I try to calculate expected backorder amount wih matlab, however I cannot calculate by using for loop for summation. I try to write:

sigma(p*(x-S)P(X=x)) and x starts from S and goes to infinity. P(X=x) is probability mass function( poisson distributin)I can do it with loop, however I need to do it without loop because I will use it in my objective function, I will use fminunc. I hope you will help me. Thank you in advance.

Kind regards,

Ozge

"Ozge Taskan" <lordgy@yahoo.com> wrote in message <hsg4kv$3vg$1@fred.mathworks.com>...
> Hi,
>
> I try to calculate expected backorder amount wih matlab, however I cannot calculate by using for loop for summation. I try to write:
>
> sigma(p*(x-S)P(X=x)) and x starts from S and goes to infinity. P(X=x) is probability mass function( poisson distributin)I can do it with loop, however I need to do it without loop because I will use it in my objective function, I will use fminunc. I hope you will help me. Thank you in advance.
>
> Kind regards,
>
> Ozge

  Does that "sigma(p*(x-S)P(X=x))" symbol mean that S is an integer and you are summing the expression p*(x-S)*P(X=x) through all integers x from S to infinity where P(X=x) means the poisson probability value

 lambda^x * exp(-lambda) / x-factorial ,

and what is the significance of the 'p*' there? Is p just a constant multiplicative factor? Exactly what is it you are optimizing with 'fminunc'? How high a value are you expecting to give S?

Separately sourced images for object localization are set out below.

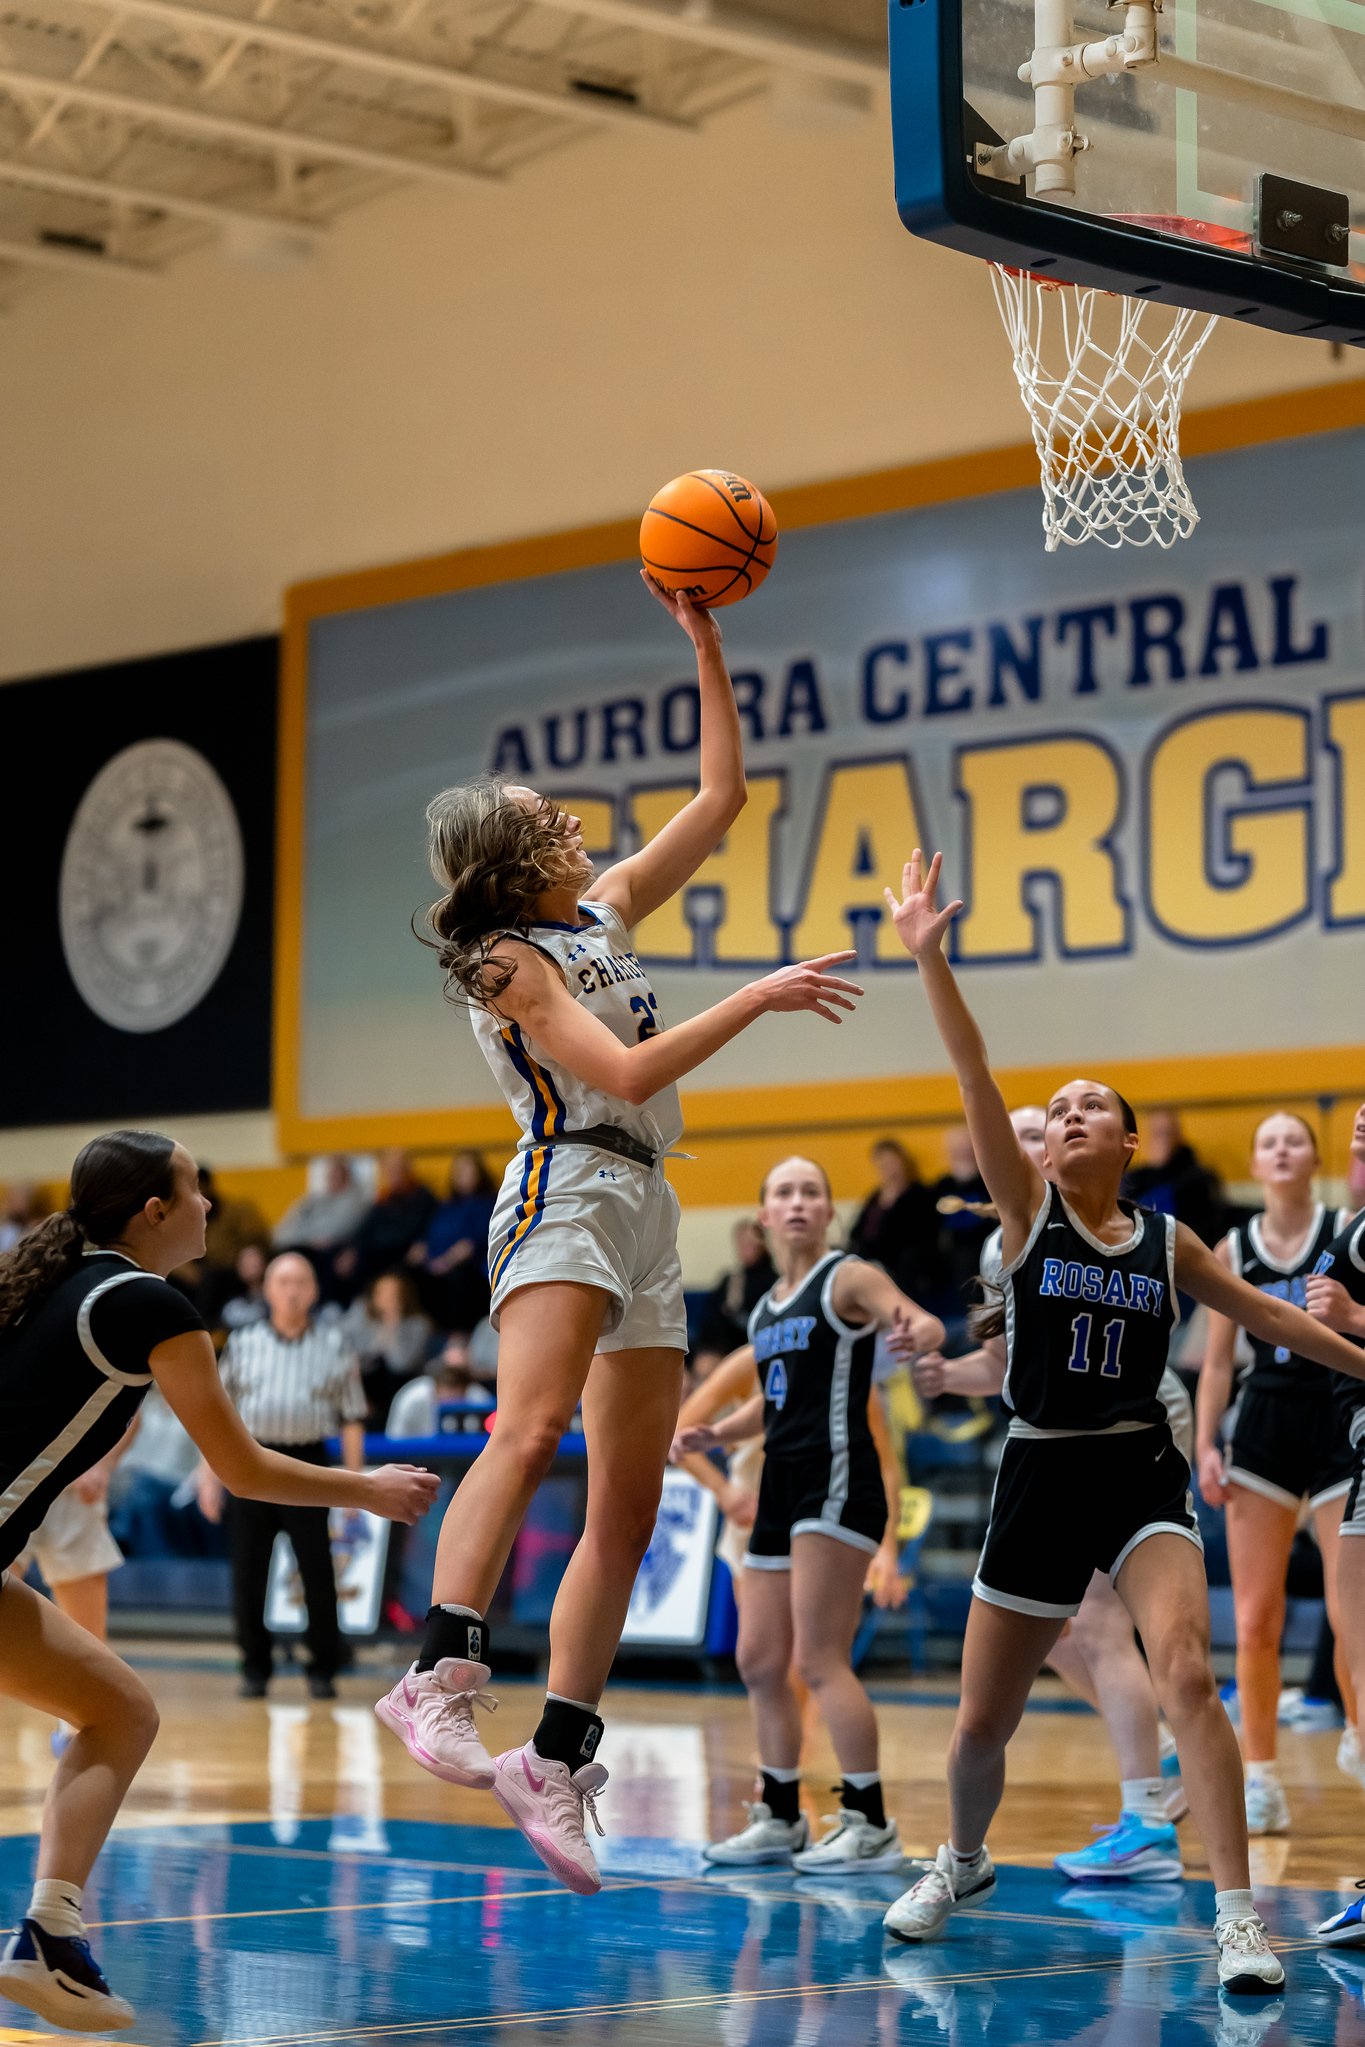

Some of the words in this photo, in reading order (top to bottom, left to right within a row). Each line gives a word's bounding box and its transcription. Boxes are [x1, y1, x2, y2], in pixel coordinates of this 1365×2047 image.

[490, 658, 829, 775] AURORA
[861, 574, 1329, 723] CENTRAL
[545, 690, 1365, 972] HARG
[630, 992, 658, 1042] 2
[1039, 1258, 1164, 1317] ROSARY
[1068, 1312, 1125, 1378] 11
[765, 1358, 788, 1410] 4
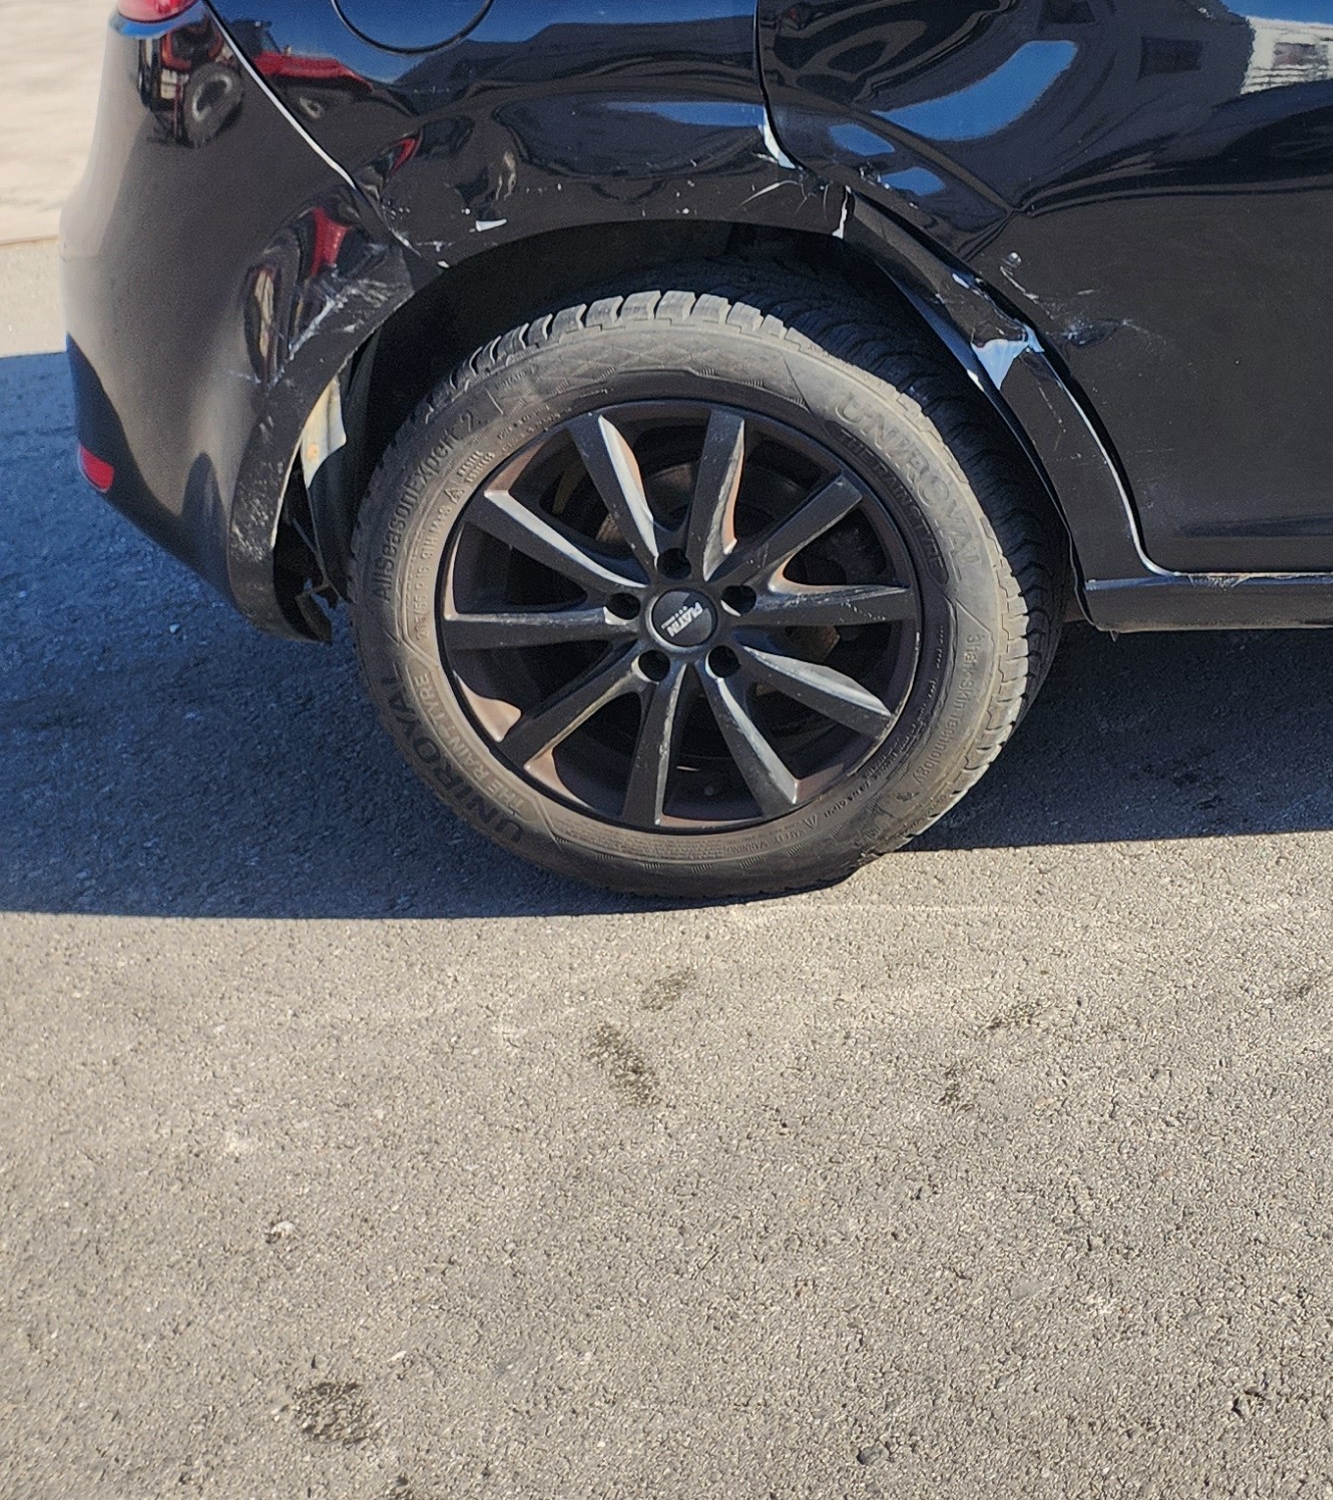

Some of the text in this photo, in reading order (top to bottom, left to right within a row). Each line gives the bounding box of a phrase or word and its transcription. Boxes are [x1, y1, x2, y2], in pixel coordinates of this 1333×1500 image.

[371, 426, 464, 602] AllSeasonExpert
[833, 391, 982, 583] UNIROYAL
[666, 601, 704, 637] PLATIN
[382, 663, 523, 843] UNIROYAL
[413, 672, 525, 811] THE RAIN TYRE

  If you are doing the actual summation up to a sufficiently large value of x to approximate infinity, there may be a way of replacing that infinite sum with a finite one without that approximation.

  Can you please explain things more carefully? I (and probably a number of others in this group) are not familiar with the concept of "expected backorder".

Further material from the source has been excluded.